13 February 2020 | 12:33 pm | Cameron Colwell

"A searing look at how patriarchy and its systems of power overlook and excuse cyclical patterns of abuse." Pic by by Craig Fuller.

Set in an American Catholic reformatory at the beginning of last century, What Every Girl Should Know is a subtle and scorching examination of the lives of a group of girls (played by Rachel Kamath, Vivian Nguyen, and Shirong Wu) whose insular lives are shaken with the arrival of Joan (played by Ravenna Bouckaert), an activist's daughter who has been sent away after resisting her abusive police officer father. What follows is a searing look at how patriarchy and its systems of power overlook and excuse cyclical patterns of abuse and trauma. 

It becomes clear that these characters, naive as they might first appear, are victims of violence who have been all too easy to lock away out of sight. Clutching for any alternatives to the rules and rituals of the reformatory, the girls are inspired by Margaret Sanger, a birth control activist and sex educator, whose scandalous pamphlet Joan has stashed away under her bed. Cathy Hunt’s direction has led to four superb performances, and the nuance each actor brings to their characters is to be commended. The sense of playfulness, the joy of camaraderie, the rivalries and the frustrations that emerge between the girls are each artfully realised, and the moments of comedy are consistently strong. While for the most part the production is tightly paced and uses its time well, the beats of the plot are occasionally broken up with movement portions, set to incongruous modern music, which cause the play’s momentum to falter. 
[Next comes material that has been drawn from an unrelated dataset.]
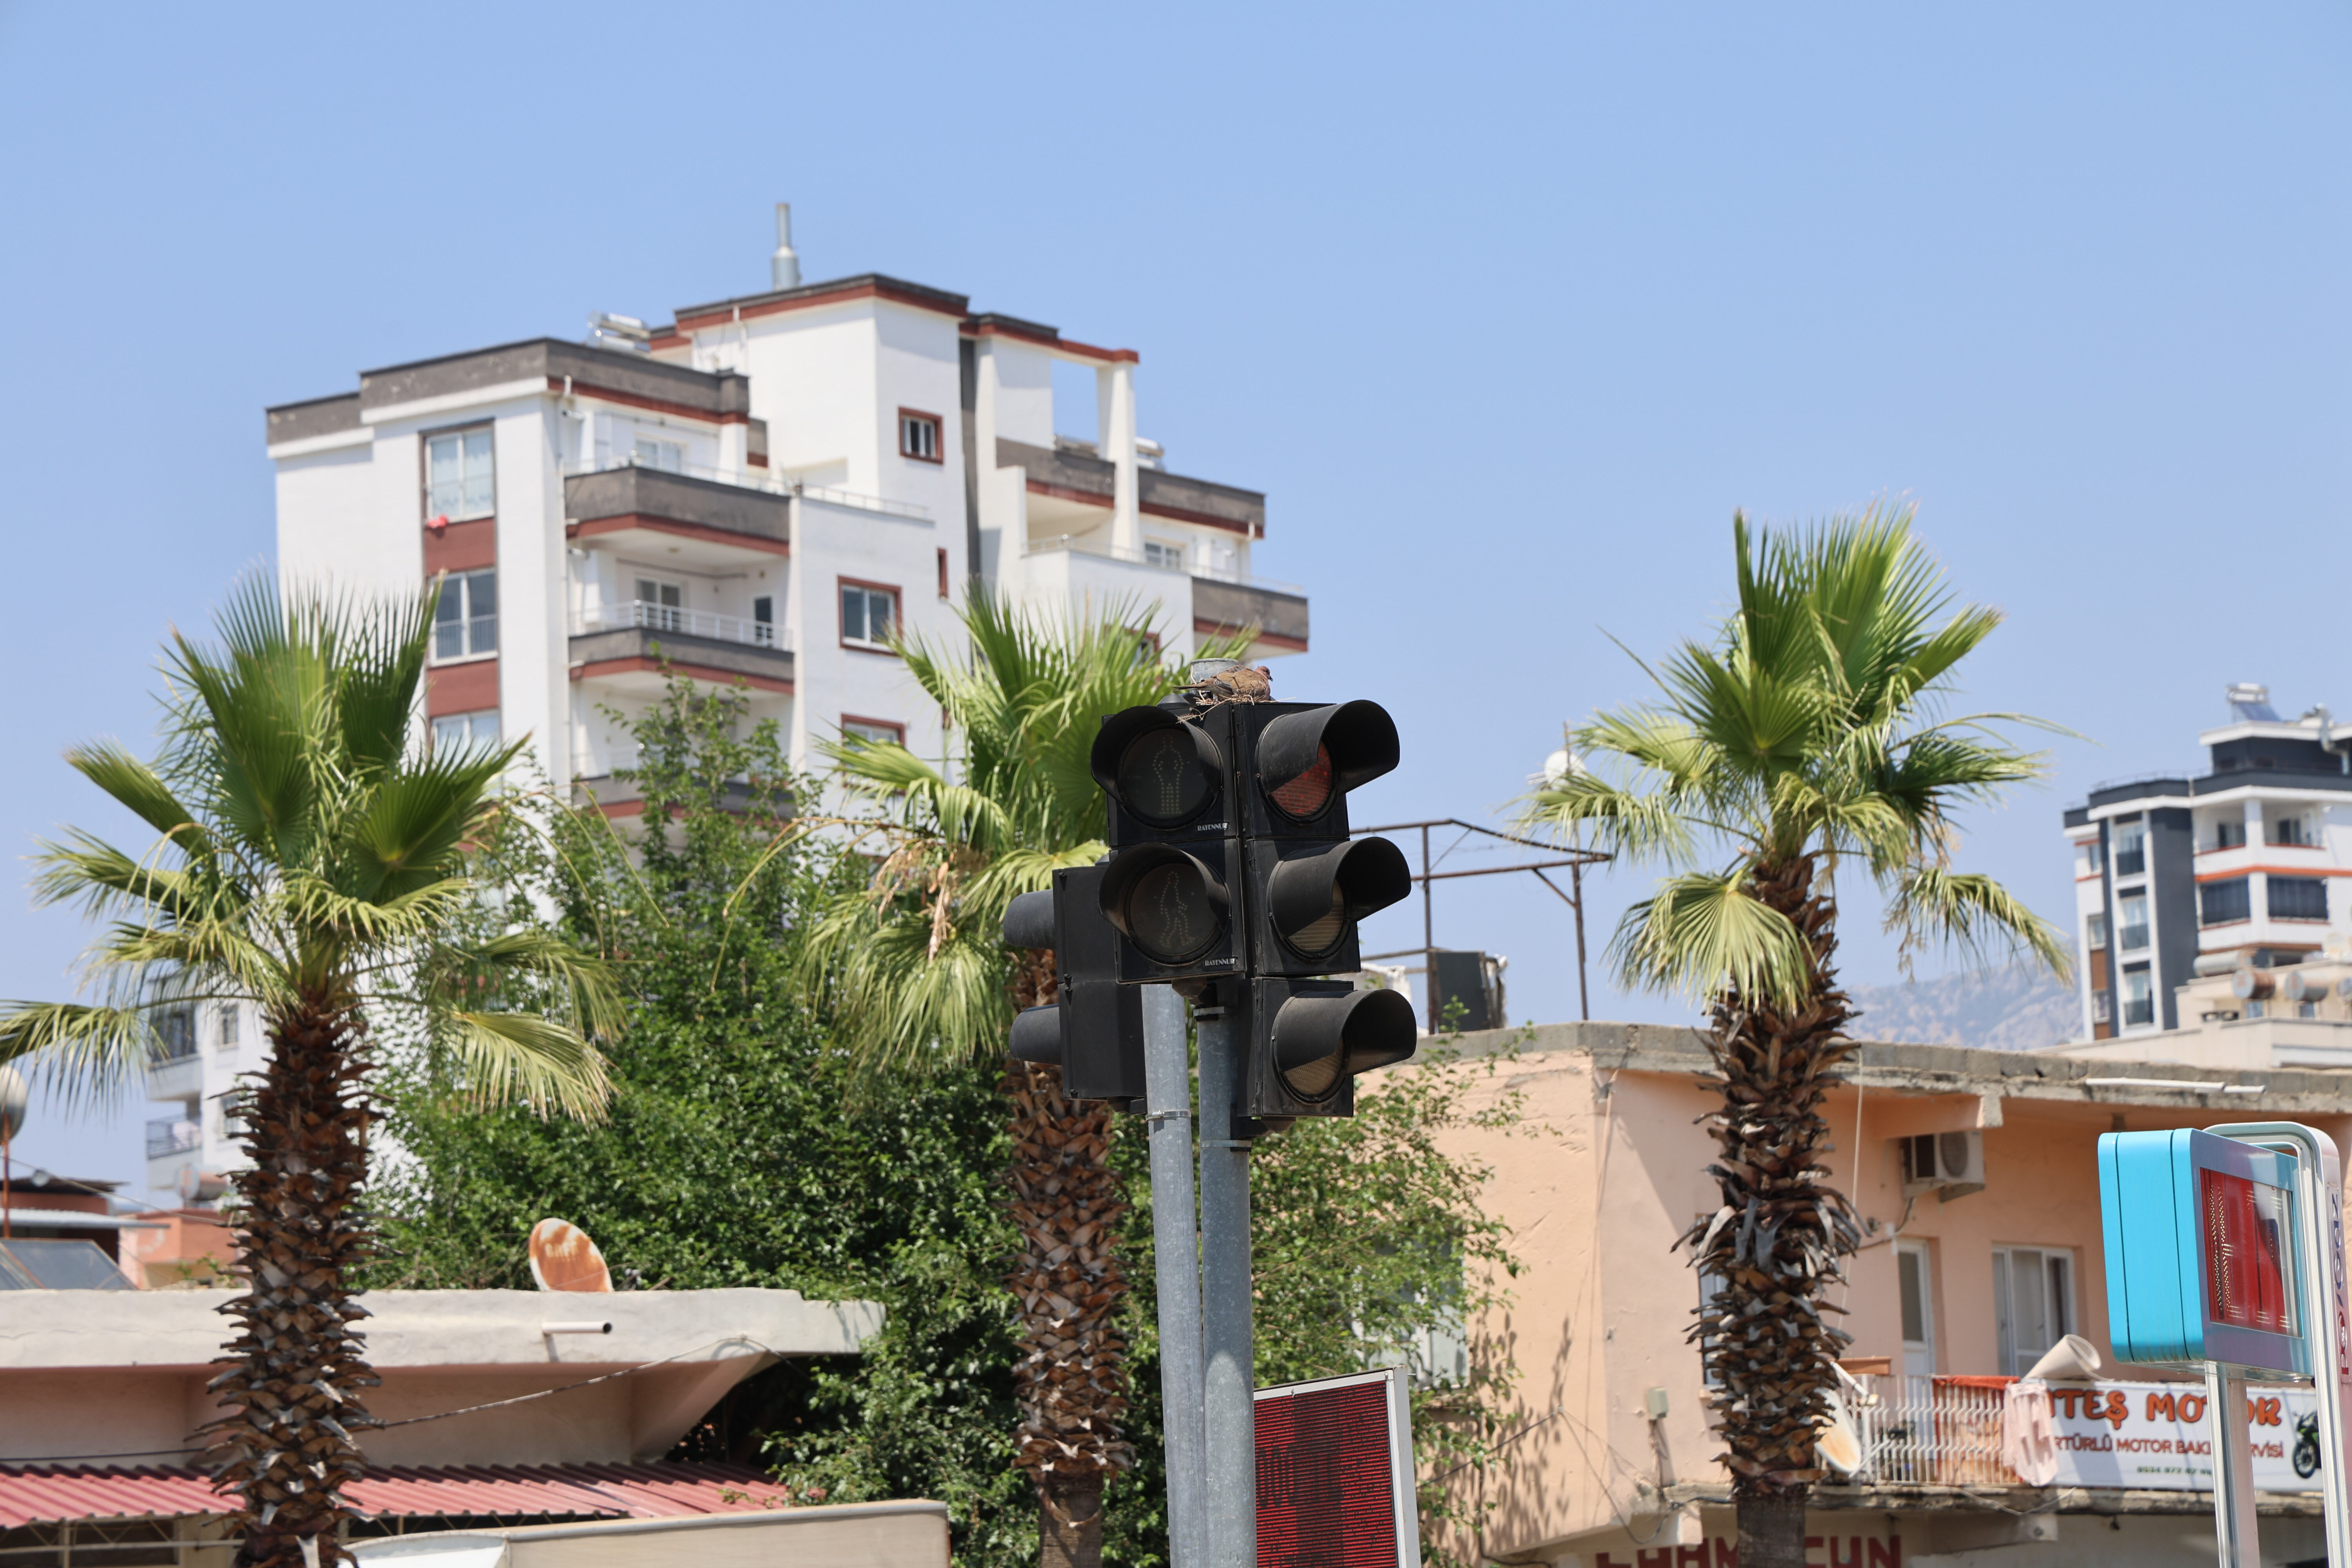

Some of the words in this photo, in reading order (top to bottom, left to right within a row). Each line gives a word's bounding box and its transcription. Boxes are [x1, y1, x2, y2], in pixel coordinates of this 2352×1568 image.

The horror of the later scenes, as the danger of the reformatory is slowly but surely made clear, is compounded by emphases on the depths of ignorance the girls have about their bodies, and the lack of understanding and vocabulary they have for the traumas which have led them to reformatory life are drawn out to chilling effect. It’s a difficult play that seeks to disturb and question how the patterns illuminated here continue today. It’s a challenging task, but one which What Every Girl Should Know executes with precision and power. As the second production of Between The Buildings Theatre Company, it marks the outfit as one to look out for.